TASK:
Please return the listing below from the line with "this 1288×966 image." through its last line, exactly, and include nothing else.

══════

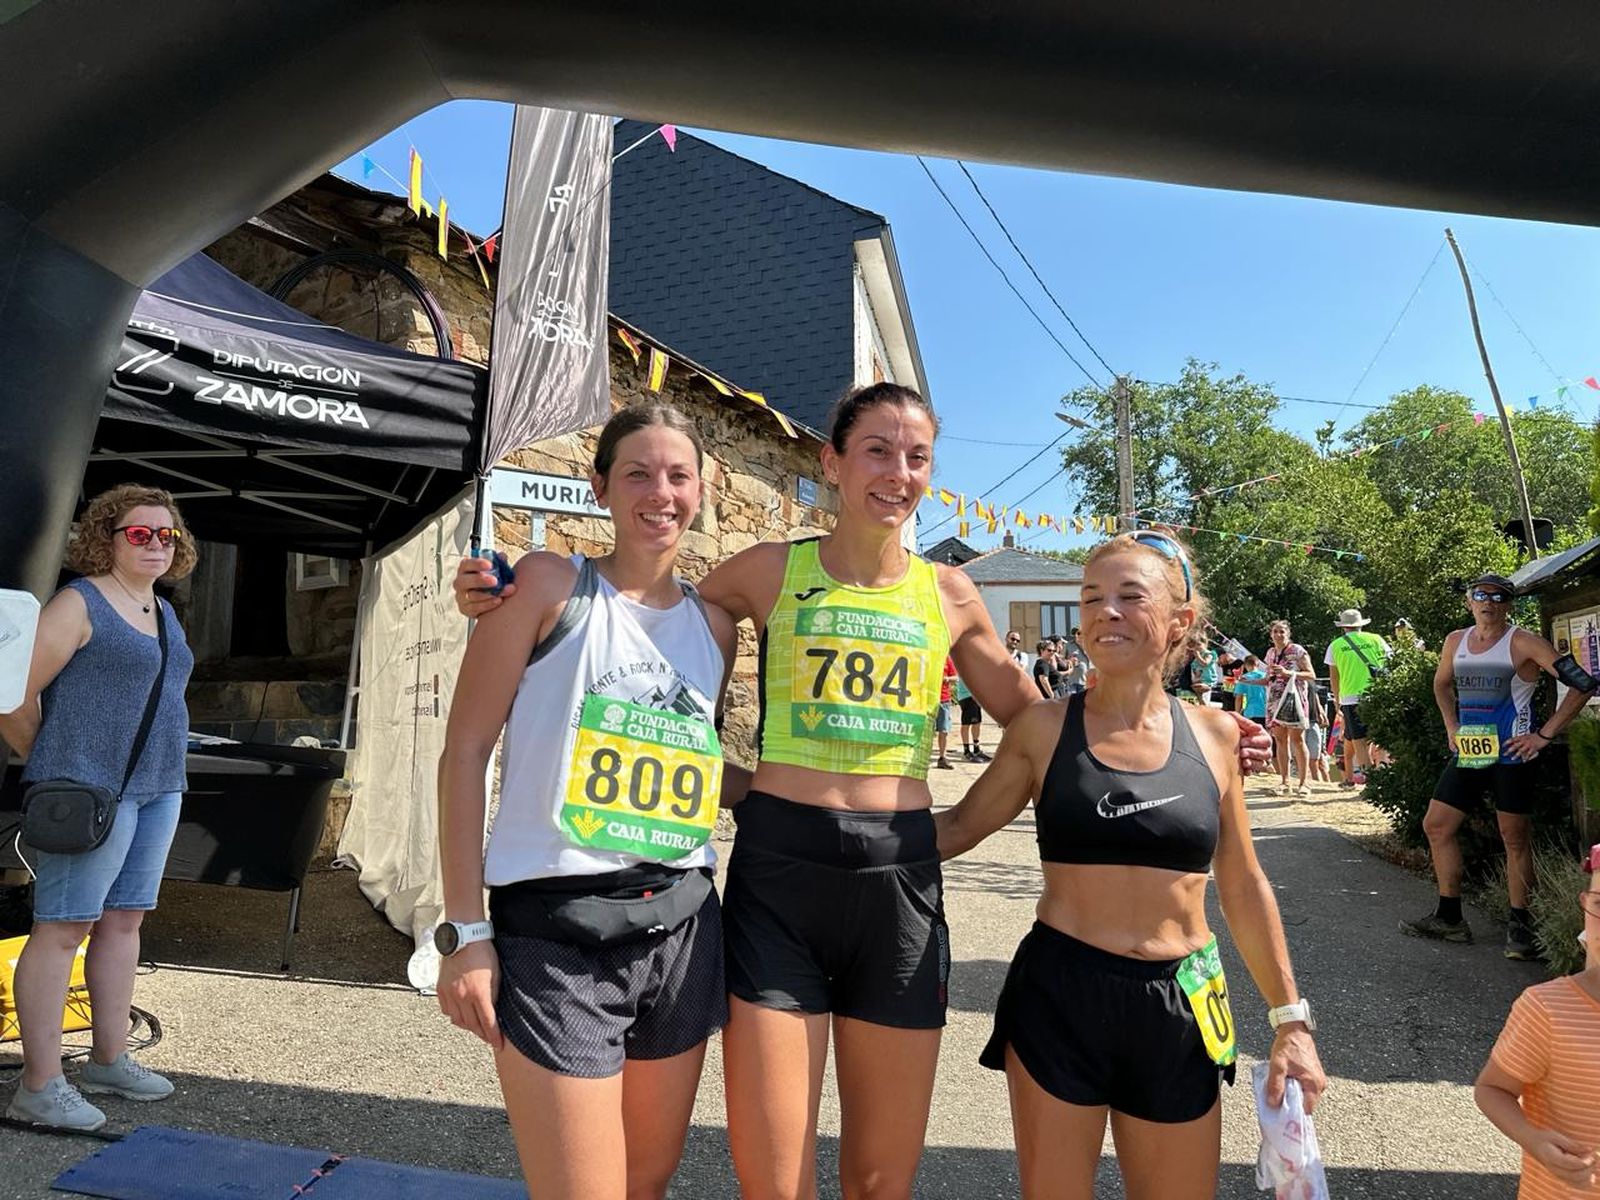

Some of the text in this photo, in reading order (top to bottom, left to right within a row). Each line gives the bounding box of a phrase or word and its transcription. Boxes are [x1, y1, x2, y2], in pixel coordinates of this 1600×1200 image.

[194, 376, 370, 429] ZAMORA
[836, 623, 913, 643] CAJA RURAL
[806, 648, 912, 707] 784
[627, 724, 708, 750] CAJA RURAL
[827, 714, 916, 736] CAJA RURAL
[585, 748, 704, 819] 809
[607, 822, 700, 850] CAJA RURAL
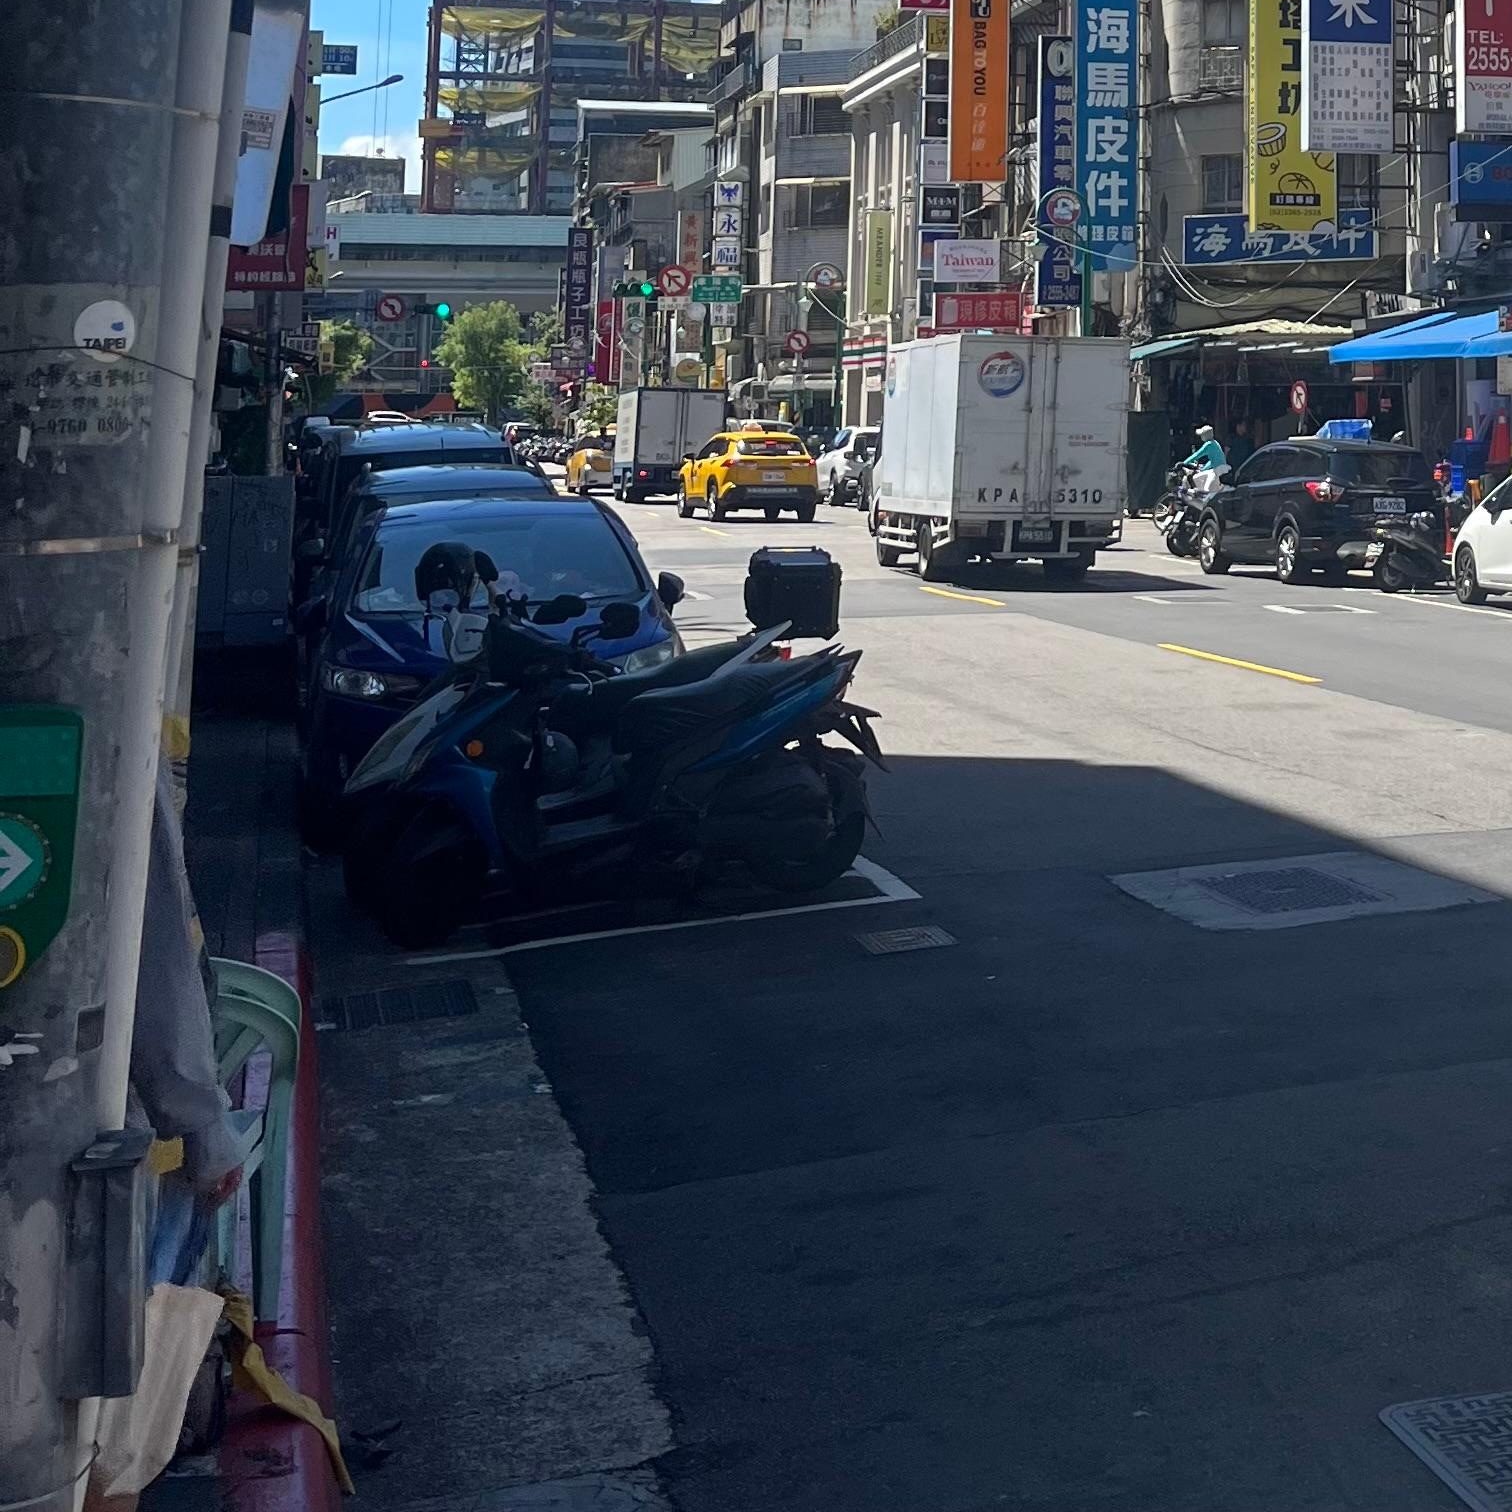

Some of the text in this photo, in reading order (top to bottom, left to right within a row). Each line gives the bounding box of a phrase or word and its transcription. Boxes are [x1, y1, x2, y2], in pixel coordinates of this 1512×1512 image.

[1085, 7, 1130, 219] 海馬皮件
[941, 253, 994, 266] Taiwan
[83, 337, 126, 350] TAIPEI
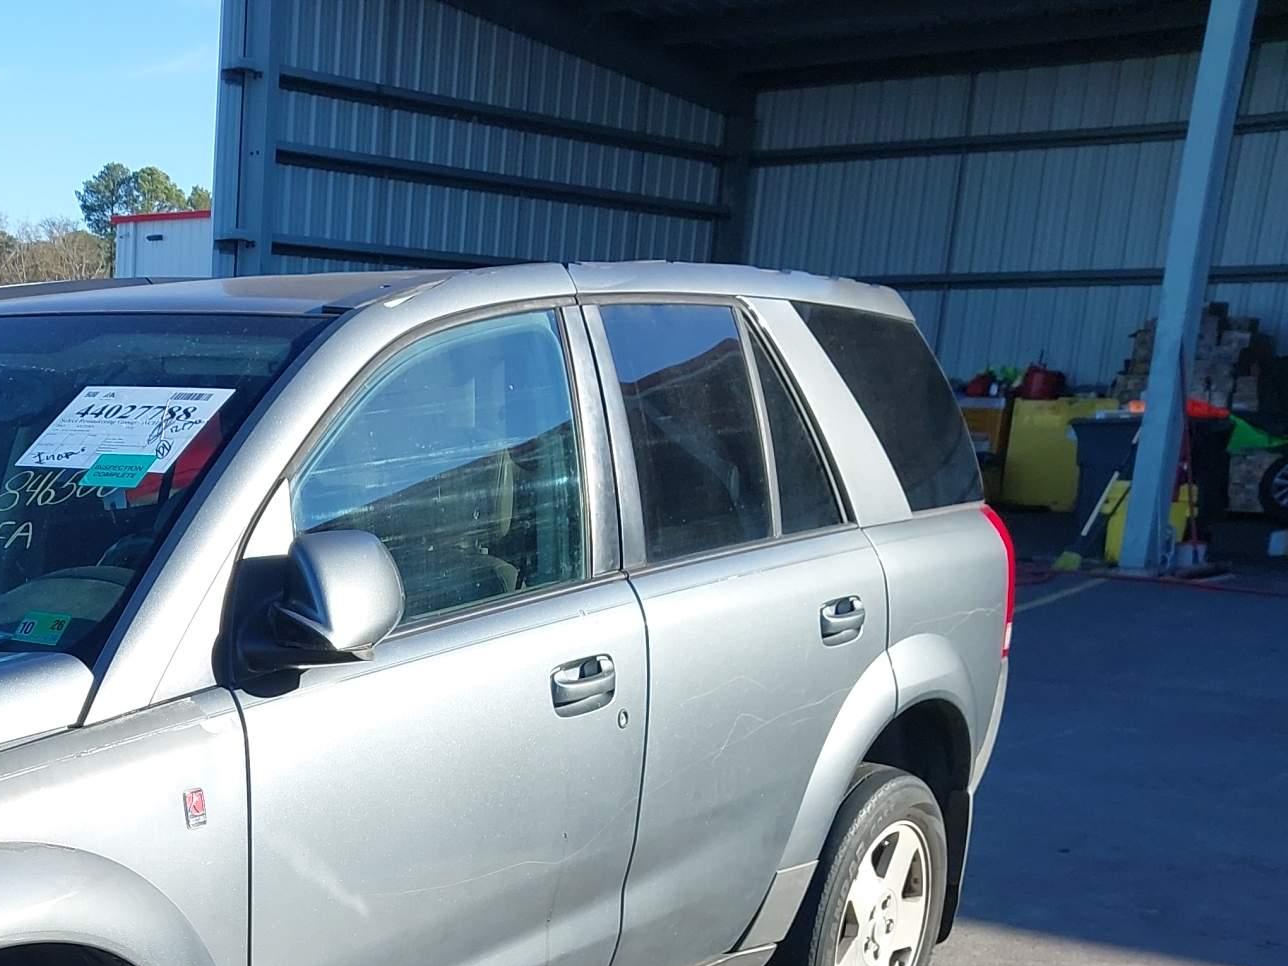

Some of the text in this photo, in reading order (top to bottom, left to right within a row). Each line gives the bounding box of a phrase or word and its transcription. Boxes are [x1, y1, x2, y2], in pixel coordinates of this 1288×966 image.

[75, 403, 198, 422] 44027788
[94, 464, 144, 472] INSPECTION
[93, 471, 137, 479] COMPLETE
[19, 619, 66, 635] 10 26

══════

EXERCISE OUTPUT:
Some of the text in this photo, in reading order (top to bottom, left to right within a row). Each line gives the bounding box of a phrase or word and its transcription. Boxes are [x1, y1, x2, y2], in pixel coordinates of this 1288×966 image.

[75, 403, 198, 422] 44027788
[94, 464, 144, 472] INSPECTION
[93, 471, 137, 479] COMPLETE
[19, 619, 66, 635] 10 26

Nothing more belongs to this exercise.